Most other genome editors are currently less costly and time-consuming than Buchholz’s conditionally activated recombinase system, albeit with more off-target effects. Buchholz, however, thinks that his platform’s greater target site specificity will make it competitive.
“It still takes more work than reprogramming your CRISPR enzyme,” he said. “We use that a lot, but I think for the benefits [the recombinase system] has on the therapeutic level, the cost of making them are, in our view, negligible.” His TU Dresden spinout Seamless Therapeutics, he noted, can now make a new recombinase within a month or so. “We’ve streamlined the process, automated a lot of the steps, and this is really not a bottleneck anymore,” Buchholz said.
Seamless launched in March 2023 with $12.5 million in seed funding led by Wellington Partners and Forbion, and with non-dilutive financing from BMBF GO-Bio, a German government initiative founded to support innovative life sciences startups.

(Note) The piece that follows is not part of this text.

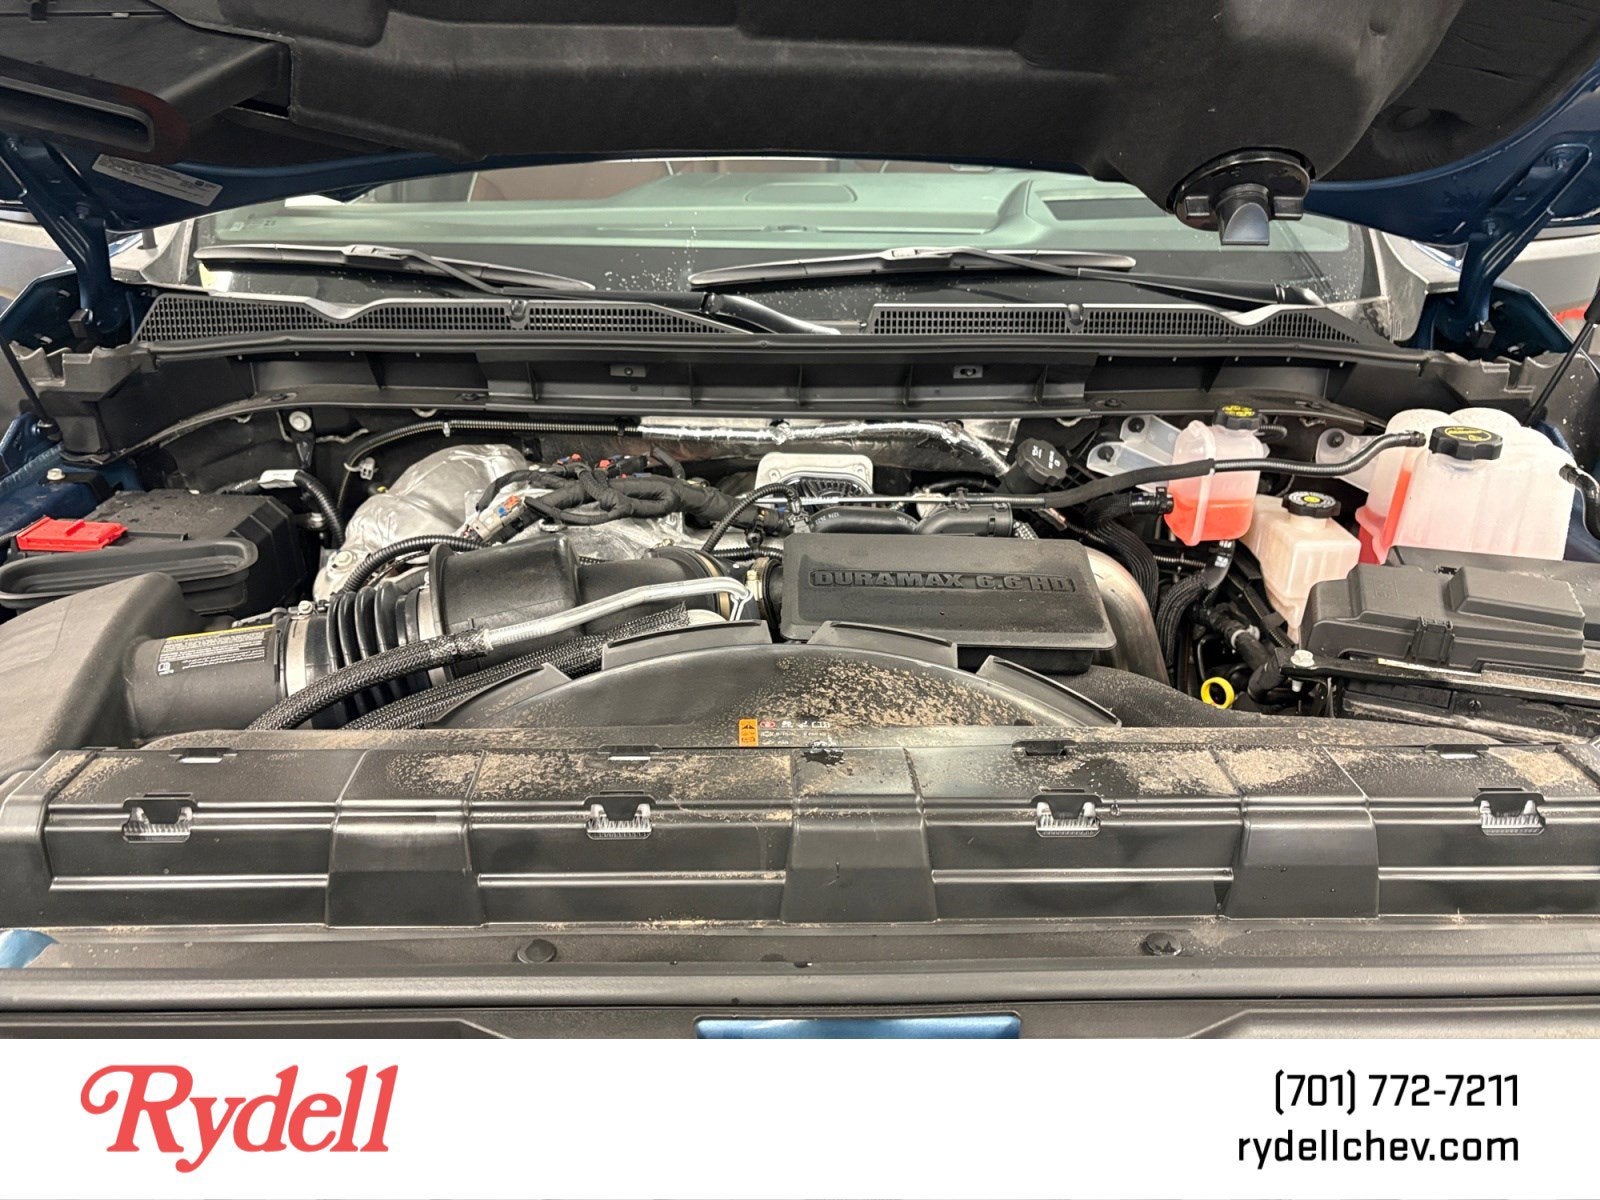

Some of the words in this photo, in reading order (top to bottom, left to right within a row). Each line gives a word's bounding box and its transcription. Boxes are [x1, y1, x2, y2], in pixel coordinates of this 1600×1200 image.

[813, 570, 963, 589] DURAMAX
[975, 574, 1023, 590] 6.6
[1031, 576, 1074, 593] HD

TU Dresden has exclusively licensed the intellectual property related to the conditionally activated recombinase system to Seamless. The company is using the technology to develop a pipeline of disease-modifying therapeutic candidates in multiple disease indications, but it is currently too early to disclose which disease areas the company is prioritizing.

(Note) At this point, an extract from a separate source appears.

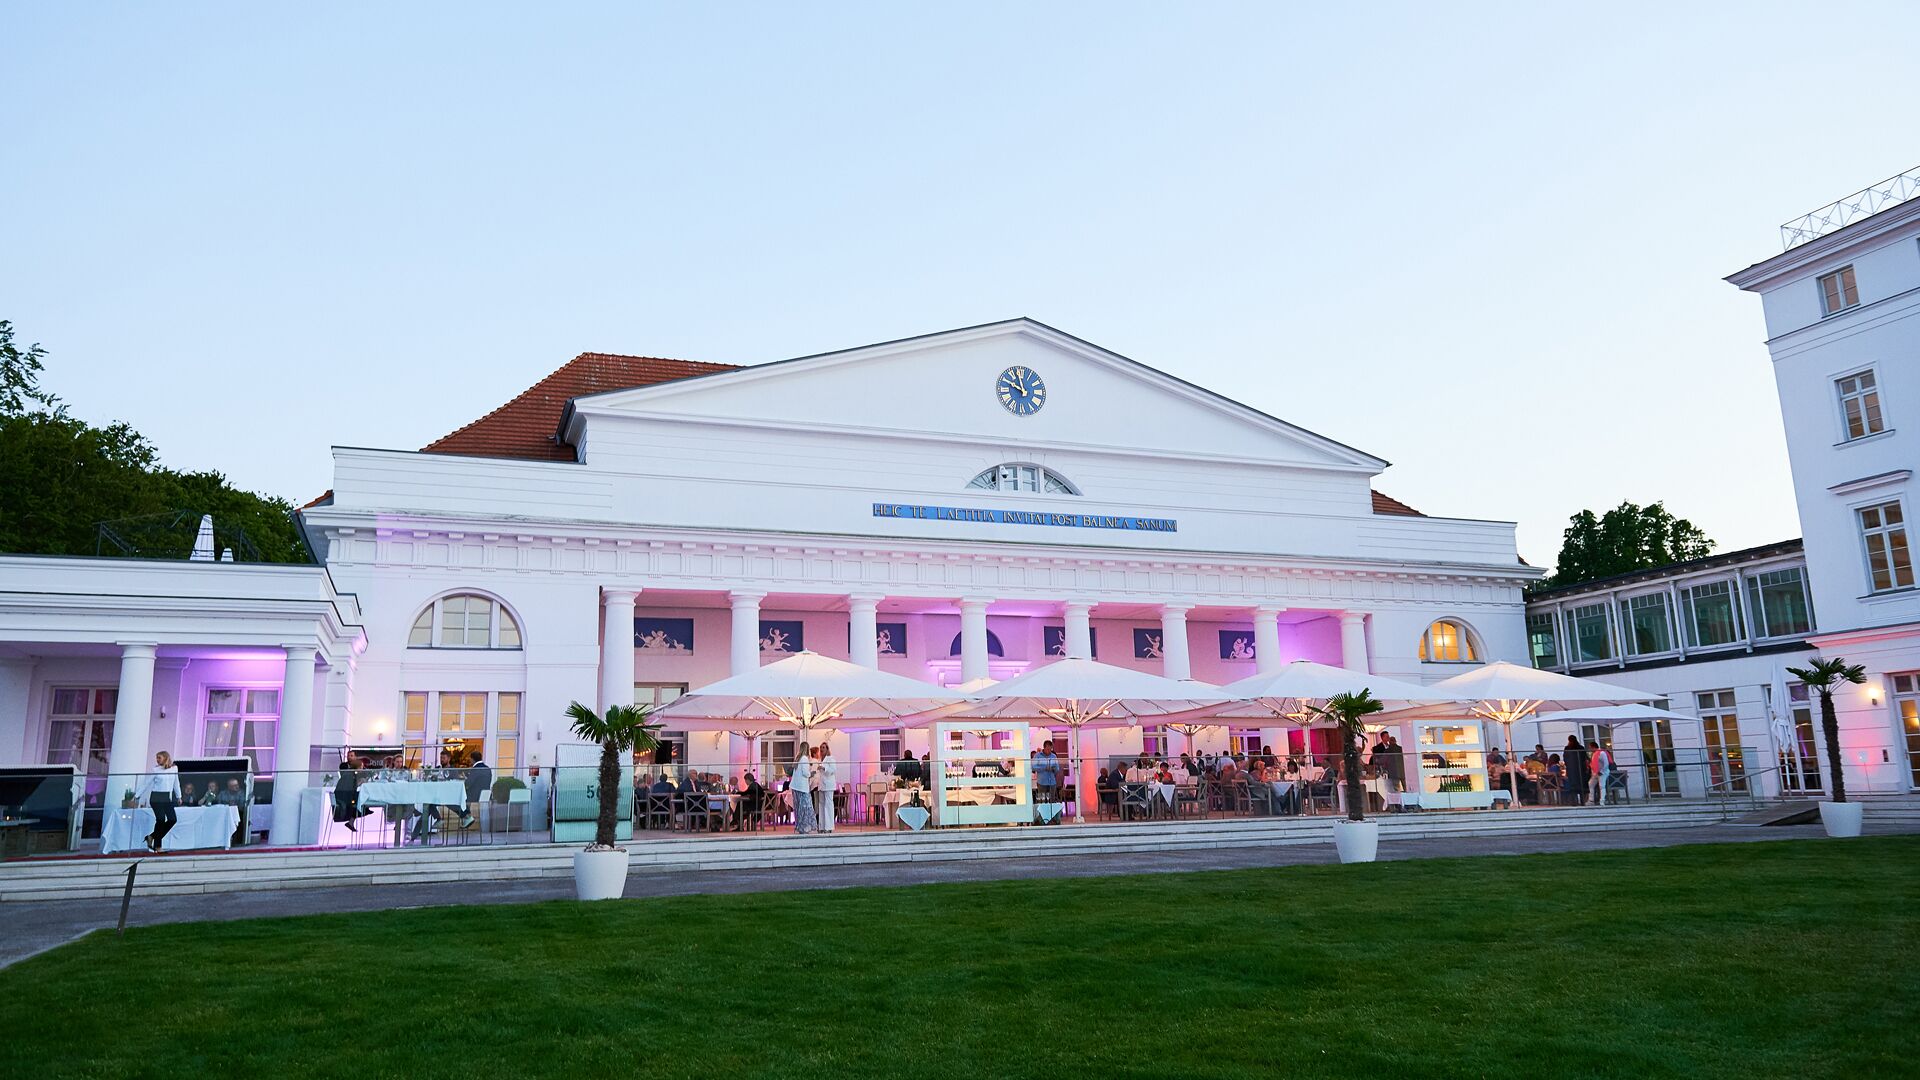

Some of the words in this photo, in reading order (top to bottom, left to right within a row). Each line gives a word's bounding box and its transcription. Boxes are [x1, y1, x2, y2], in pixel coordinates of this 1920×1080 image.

The challenge of target specificity in genome editors is a topic of considerable academic and commercial interest, with numerous players testing a variety of diverse approaches in that space. Many of these revolve around prime editing. Prime editing works by combining the DNA-scanning and sequence-identification capabilities of CRISPR-Cas9 with a reverse transcriptase enzyme, which uses an RNA template to synthesize and insert a new single-strand DNA sequence.
The Broad Institute, for instance, recently developed a prime editing method that enables more precise DNA sequence replacement and excision, also without the need for double-strand DNA breaks.
Chinese life sciences company Qi Biodesign is also exploring prime editing strategies in agriculture, where its PrimeRoot technology combines prime editing with recombinases to insert large DNA fragments into plant genomes.
Buchholz, who serves as a scientific adviser to Seamless, plans to follow the research pointing toward a therapeutic role for his genome editor in MECP2 duplication syndrome, noting that his lab has identified an undisclosed collaboration partner contributing induced pluripotent stem cells from affected patients.
Buchholz added that longer term, he also wants to extend the approach to other DNA binding domains and other genome editing enzymes, such as transposases.
“If we could direct a transposon, for instance, into a particular locus and then only have it integrate there,” he said, “this would be something that would be very valuable and very useful.”